Reviewing and monitoring Corporate Social Responsibility (CSR) compliance measures is therefore becoming increasingly important for companies to minimize risks in the supply chain and at the same time benefit from innovation potential. A brief insight into the current developments in CSR is intended to help purchasing and supply chain managers find their way around the "compliance jungle" in the international supply chain.

Already today, companies can voluntarily submit to CSR regulations of OECD, ILO or UN Global Compact. In recent years, increased social awareness for transparency in the supply chain has resulted in increased pressure on companies, especially on purchasing and the supply chain. This applies not only to critical sectors such as the textile industry, where tragic fire disasters occurred due to catastrophic working conditions.

For all companies that import conflict minerals into the EU and thereby exceed certain threshold values, the Conflict Minerals Regulation will apply from 01 January 2021 at the latest. This Regulation obliges companies to implement appropriate compliance measures in the supply chain. These include, for example, the deployment of a compliance officer in the supply chain, the establishment of a whistleblower system and risk management measures tailored to CSR risks. As these are structural measures, companies would do well to start implementing them already now.

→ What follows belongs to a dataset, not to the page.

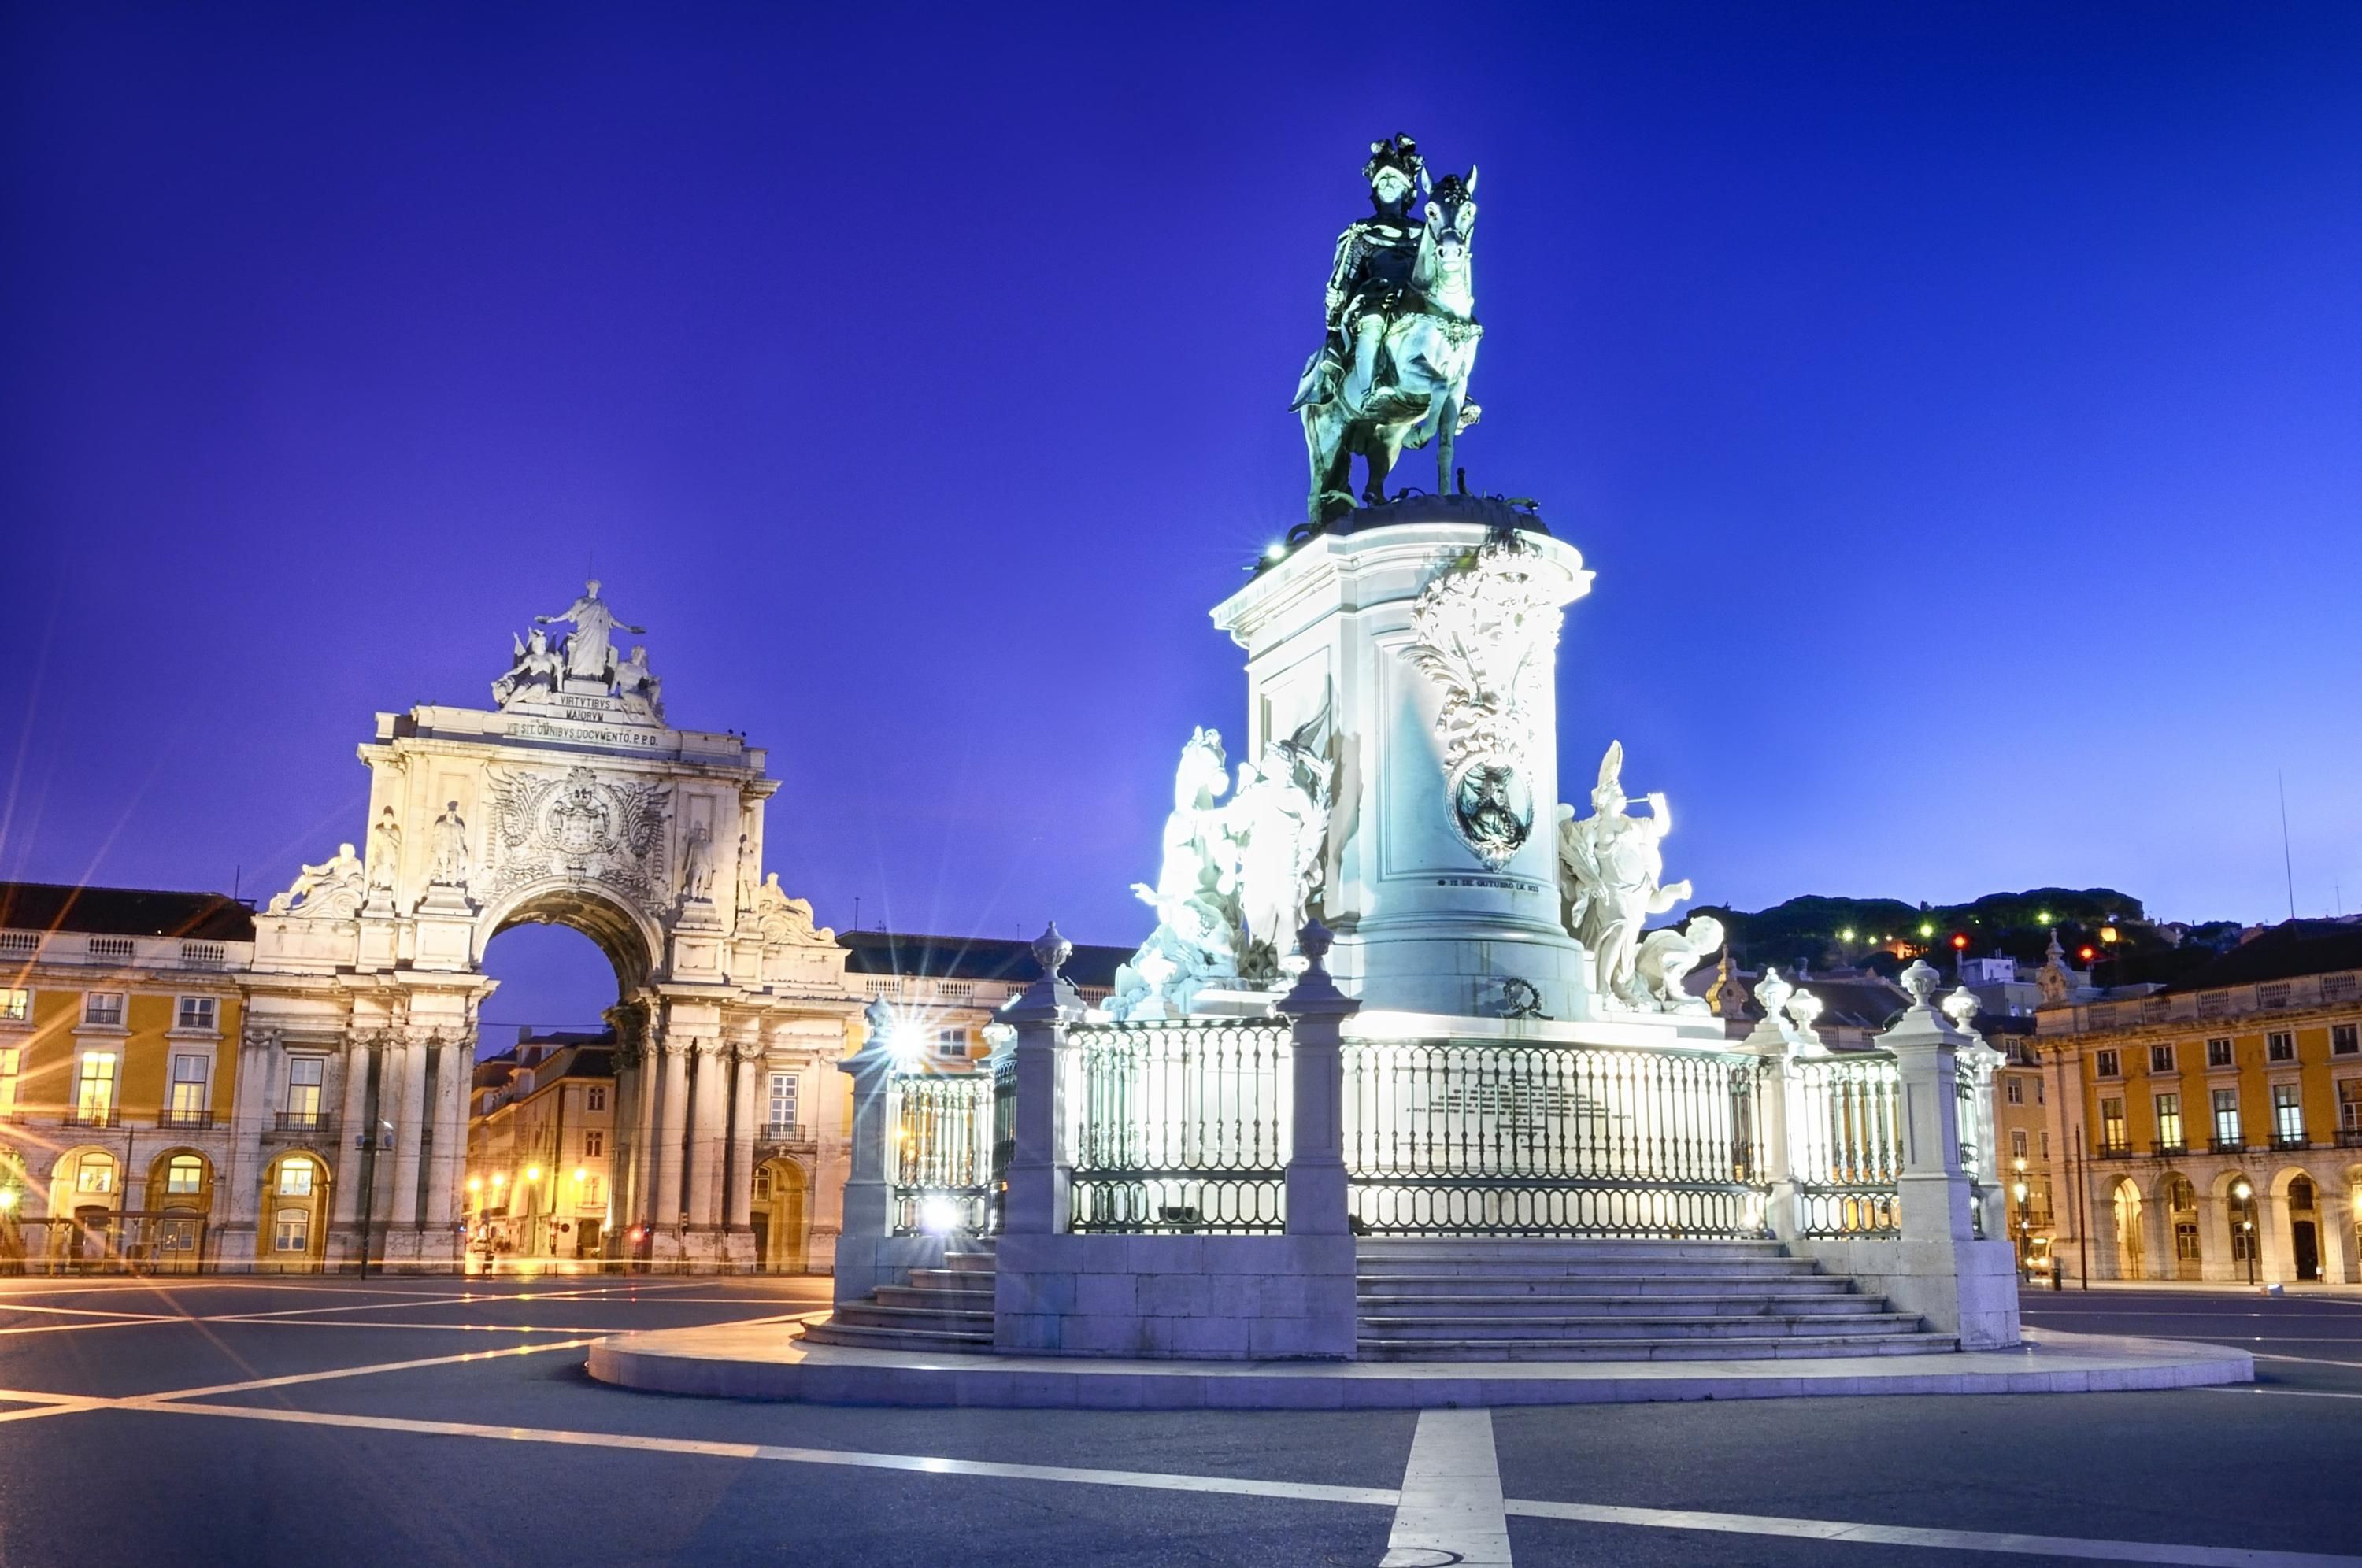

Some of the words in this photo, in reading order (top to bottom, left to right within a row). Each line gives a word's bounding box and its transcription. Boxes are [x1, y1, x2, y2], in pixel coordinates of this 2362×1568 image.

[561, 695, 610, 708] VIRTVTIBVS
[567, 709, 603, 722] MAIORVM
[537, 725, 574, 738] OMNIBVS
[1476, 880, 1513, 889] OUTUBRO

Since 2017, companies listed on the stock exchange in Germany which employ more than 500 employees, as well as credit institutions, financial service providers and insurance companies have also had a real need for action. Here, the disclosure requirements of the CSR Directive must be complied with, according to which entrepreneurial measures with regard to environmental, social and employee concerns as well as respect for human rights and the fight against corruption and bribery must be published. In doing so, companies have to explain, for example, the concepts pursued for the prevention of human rights violations or the fight against corruption, including the due diligence processes applied, plus the significant risks and negative effects associated with their own business activities and business relationships. This mere reporting obligation could indirectly force companies to introduce appropriate compliance measures with regard to CSR issues in the supply chain. Otherwise, companies would face the risk of being criticized for their inaction. There would also be the risk of stricter liability standards in case of wrongdoing. Key concepts are likely to include, in particular, comprehensive risk analyses and thorough screening of business partners within the supply chain.

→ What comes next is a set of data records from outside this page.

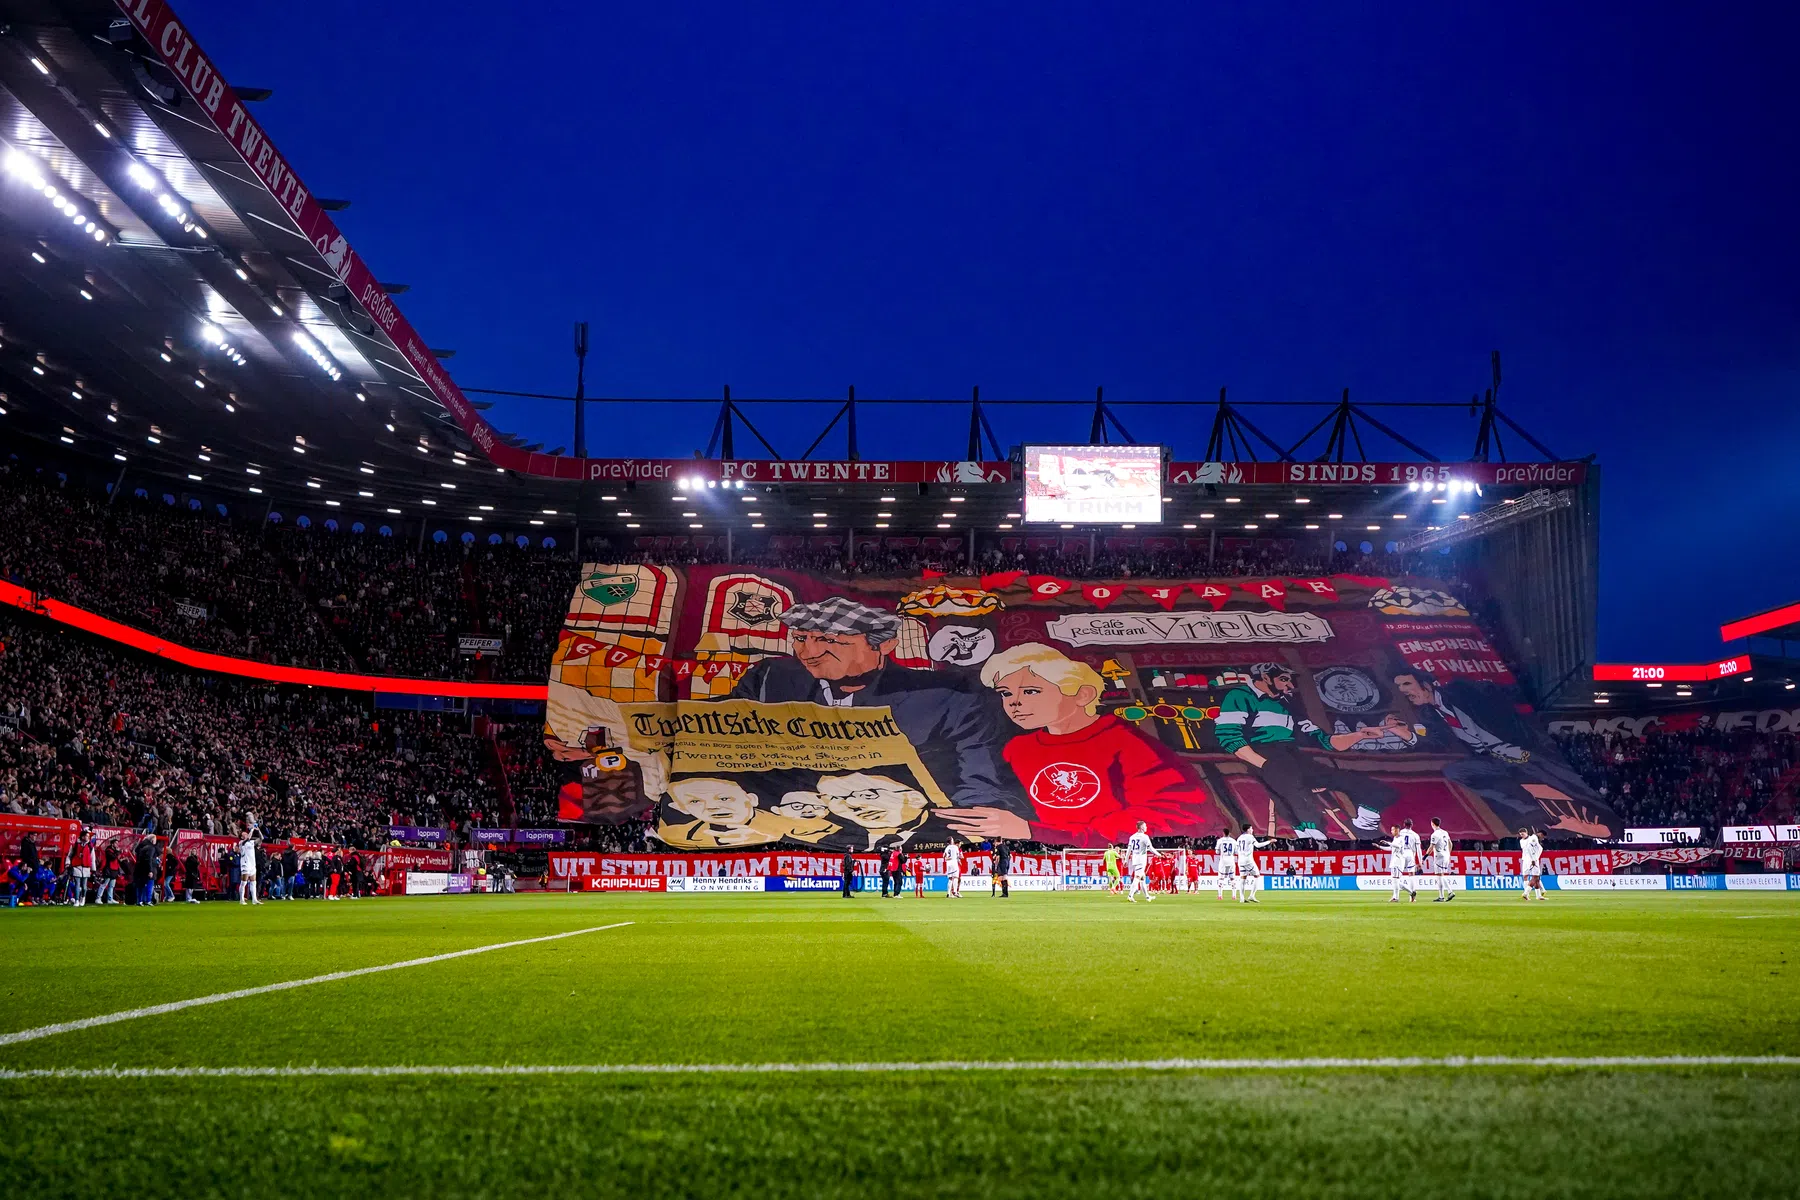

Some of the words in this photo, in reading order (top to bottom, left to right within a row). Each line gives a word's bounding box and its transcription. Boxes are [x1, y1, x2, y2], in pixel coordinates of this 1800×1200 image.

[161, 21, 225, 114] CLUB
[227, 102, 308, 220] TWENTE
[361, 283, 398, 332] previder
[472, 423, 495, 454] previder
[591, 460, 672, 480] previder
[722, 462, 757, 479] FC
[770, 462, 889, 480] TWENTE
[1290, 464, 1377, 482] SINDS
[1390, 465, 1450, 482] 1965
[1496, 463, 1576, 483] previder
[1063, 500, 1143, 514] TRIMM
[1090, 618, 1124, 630] Café
[1131, 614, 1314, 640] Vrieler
[1071, 626, 1148, 638] Restaurant
[460, 639, 493, 647] PFEIFER
[1399, 638, 1491, 655] ENSCHEDE
[1434, 658, 1508, 674] TWENTE
[1719, 661, 1737, 675] 21:00
[1632, 667, 1665, 679] 21:00
[630, 709, 784, 738] Twentsche
[787, 711, 902, 741] Courant
[674, 750, 732, 760] Twente
[868, 751, 882, 759] in
[1659, 832, 1687, 843] TOTO
[1735, 829, 1762, 841] TOTO
[924, 842, 946, 850] APRIL
[553, 857, 595, 877] UIT
[601, 858, 688, 878] STRIJD
[693, 856, 771, 877] KWAM
[776, 856, 883, 877] EENHID
[1258, 855, 1337, 876] LEEFT
[1464, 855, 1514, 876] ENE
[1519, 853, 1610, 876] ACHT!
[591, 878, 660, 889] KAMPHUIS
[692, 877, 717, 885] Henny
[718, 877, 752, 885] Hendriks
[784, 878, 840, 891] wildkamp
[963, 879, 987, 887] MEER
[1014, 879, 1053, 887] ELEKTRA
[1271, 877, 1341, 889] ELEKTRAMAT
[1673, 876, 1718, 889] ELEKTRAMAT

But also non-listed companies, in particular SME´s, which are not yet subject to the CSR reporting obligation, should consider the implementation of CSR measures. In the future, smaller companies within the supply chain are likely to be put under increasing pressure by companies subject to the CSR reporting obligation to maintain appropriate measures. The BME Competence Center is receiving an increasing number of enquiries from member companies that are looking for solutions together with the BME.

Therefore, smaller companies should also consider a risk analysis in the future. Every company has to ask itself critically:

Which risks does the company face?

If customers and the supply chain are limited exclusively to Germany, issues such as human rights and child labor will pose a lower risk. If, on the other hand, a company regularly has production carried out in emerging markets, the risks are already higher. Voluntary commitments are urgently recommended in order, on the one hand, to meet the requirements of market-dominating contractual partners and, on the other hand, to comply with the company's own duties of due diligence in order to reduce the associated liability risks for its own company.

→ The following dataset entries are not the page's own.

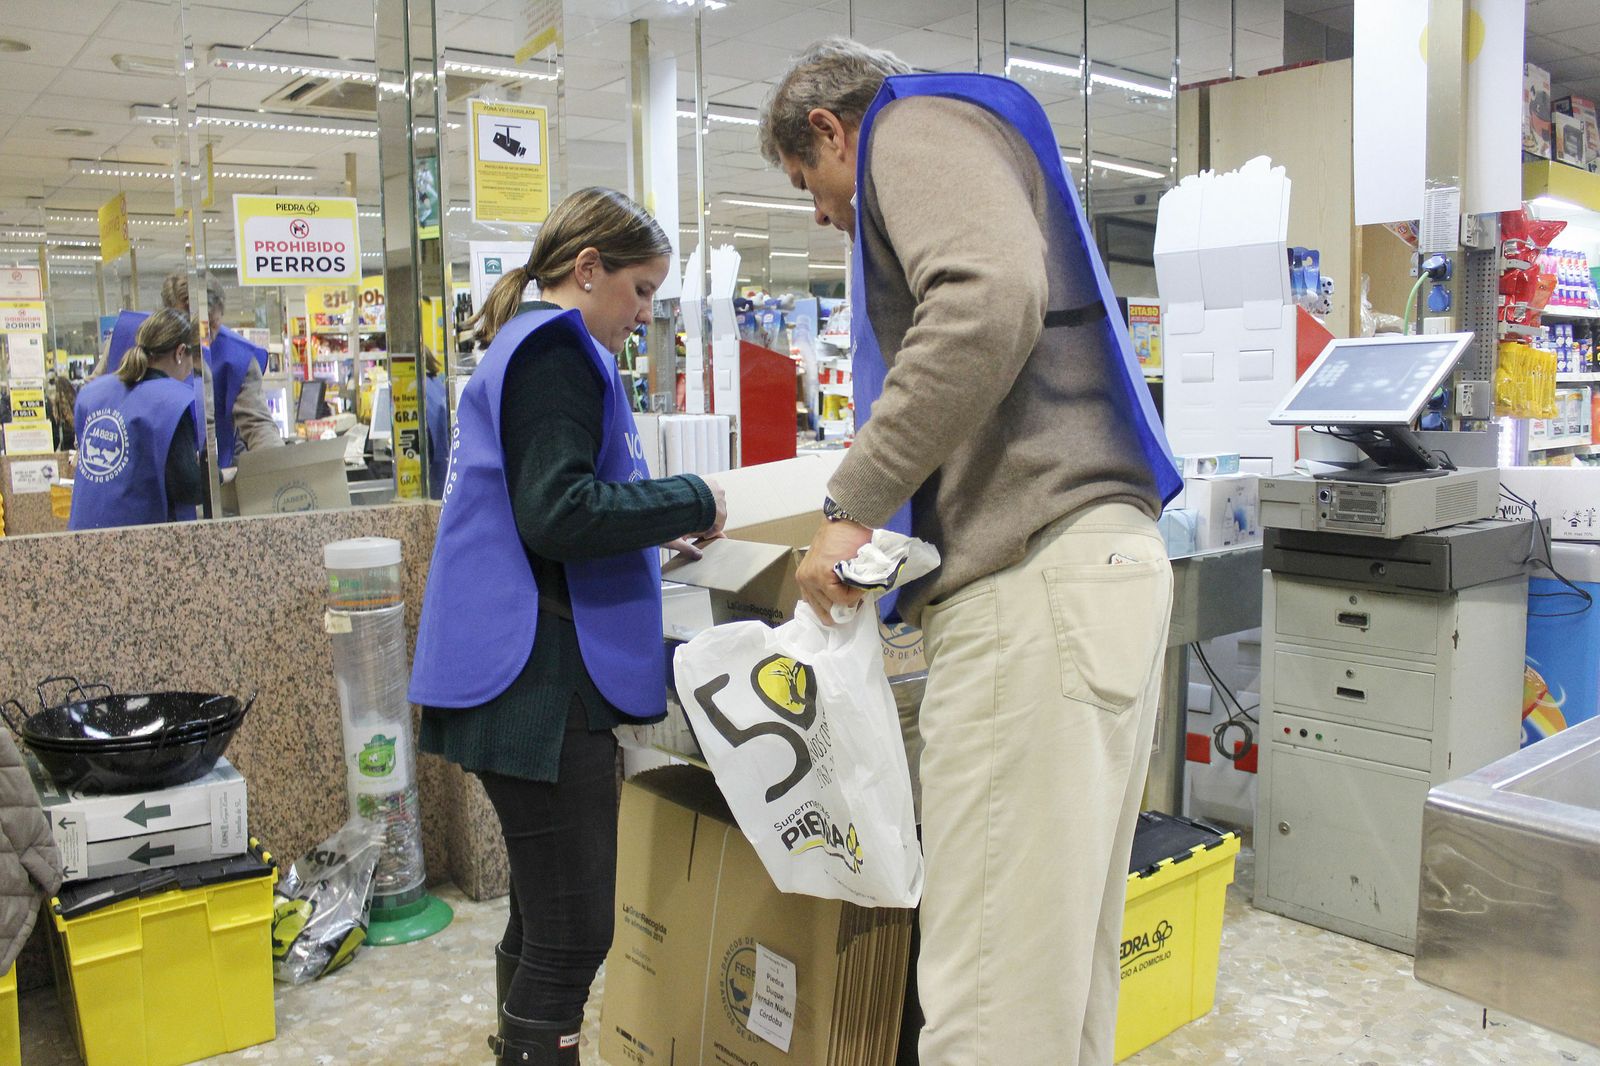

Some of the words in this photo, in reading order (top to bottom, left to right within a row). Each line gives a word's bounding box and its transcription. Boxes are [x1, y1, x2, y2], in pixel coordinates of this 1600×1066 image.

[254, 240, 346, 253] PROHIBIDO
[255, 256, 346, 273] PERROS
[1504, 505, 1524, 515] MUY
[898, 651, 910, 660] DE
[1132, 966, 1138, 975] A
[1138, 950, 1172, 971] DOMICILIO
[766, 972, 785, 989] Piedra
[766, 985, 784, 1001] Duque
[755, 992, 774, 1009] Fernán
[774, 1003, 792, 1019] Núñez
[759, 1009, 783, 1028] Córdoba

These new CSR laws are only the beginning of a development that will increasingly regulate former soft-law CSR obligations by law. Companies that maintain business relationships with companies subject to reporting requirements will also at least indirectly be subject to the new stricter CSR obligations.

The BME Competence Center supports its member companies in an advisory capacity in fulfilling legal requirements, including the performance of BME supplier compliance audits.

These commitments to CSR measures are increasingly being passed through the entire supply chain by means of compliance and audit clauses. The overlapping of CSR obligations and existing compliance management systems is remarkable: One of the important pillars of compliance programmes is the prevention of corruption, which is also a fundamental principle of CSR. As part of the statutory CSR reporting obligation, companies must explain their measures to prevent corruption in concrete terms. In particular, compliance elements that are already an integral part of a well-established supply chain compliance, such as guidelines, training, audits, clauses, business partner checks and risk analyses, must therefore be reported on.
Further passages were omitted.